Niettemin: ondanks alle empirische én normatieve relativeringen van de mogelijkheden van de overheid om de cultuur te beïnvloeden, kan men simpelweg niet om het gegeven heen dat, ten eerste, een belangrijk deel van de Nederlandse culturele sector – de bibliotheken, het orkestbestel, de professione­le toneelver­enigingen, de publieke omroep, de musea, de archieven, de beel­dende kunst, de monumenten, de film, de dans, et cetera – goeddeels in elkaar zou storten op het moment dat de overheid zich terug zou trekken. De culture­le kaalslag die dit laatste zou betekenen, ziet men vandaag gebeuren in Oost-Europa waar voormalige communisten Smithuijsens idee, dat de spreiding van kunsten ‘hoofdzakelijk tot stand (komt) via het marktmechanisme en het particulier initiatief’ (p.187), in de praktijk brengen. Dat er in Oost-Europa misverstanden leven over de rol van de overheid op het terrein van de cultuur in een gemengde economische orde valt nog te begrijpen, maar dat dezelfde misverstanden leven bij de directeur van een stichting die vernoemd is naar Emanuel Boekman, een stichting die voorts nota bene voor honderd procent wordt gesubsidieerd door het Ministerie van WVC, is op zijn minst curieus.
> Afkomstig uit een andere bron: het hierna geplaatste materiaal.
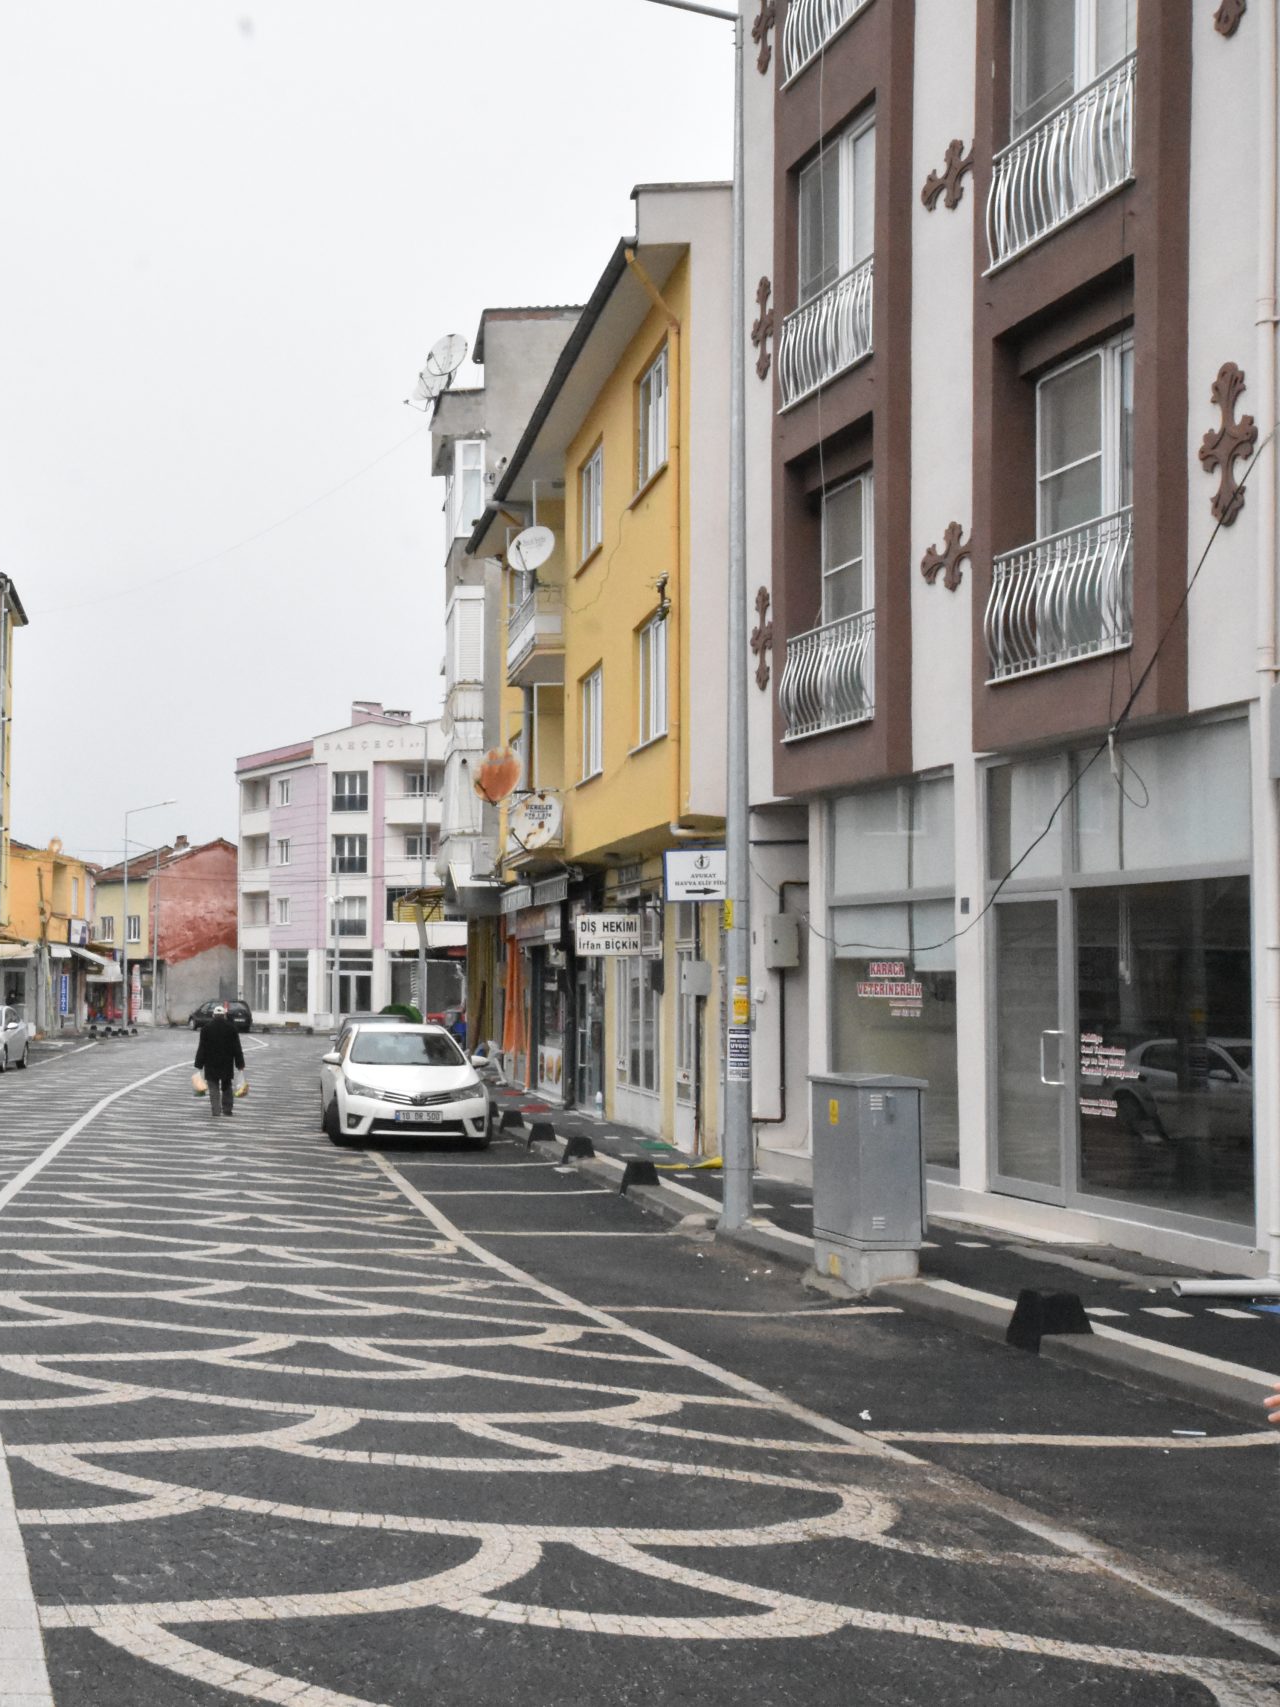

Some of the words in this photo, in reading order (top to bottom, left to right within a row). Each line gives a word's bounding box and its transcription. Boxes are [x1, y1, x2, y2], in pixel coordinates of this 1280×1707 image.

Ten tweede kan men er niet omheen dat de overheid een wezenlijke invloed op de cultuur uitoefent door mensen te verplichten naar school te gaan en door deze school een specifiek curriculum voor te schrijven. In Nederland worden mensen in het onderwijs nog altijd (men krijgt zelfs de indruk: steeds meer) voorname­lijk voorbereid op het vervullen van een economisch ‘nuttige’ functie, op het werk dus, en veel minder op het leven. Hier ligt een normatieve vooronderstel­ling en keuze aan ten grondslag, die ook anders had kunnen zijn. Deze keuze heeft grote culturele gevolgen, gevolgen die dermate groot en kennelijk inmiddels dermate vanzelfspre­kend zijn, dat het normatieve karakter van het bestaande onderwijs Smithuijsen blijk­baar ontgaat.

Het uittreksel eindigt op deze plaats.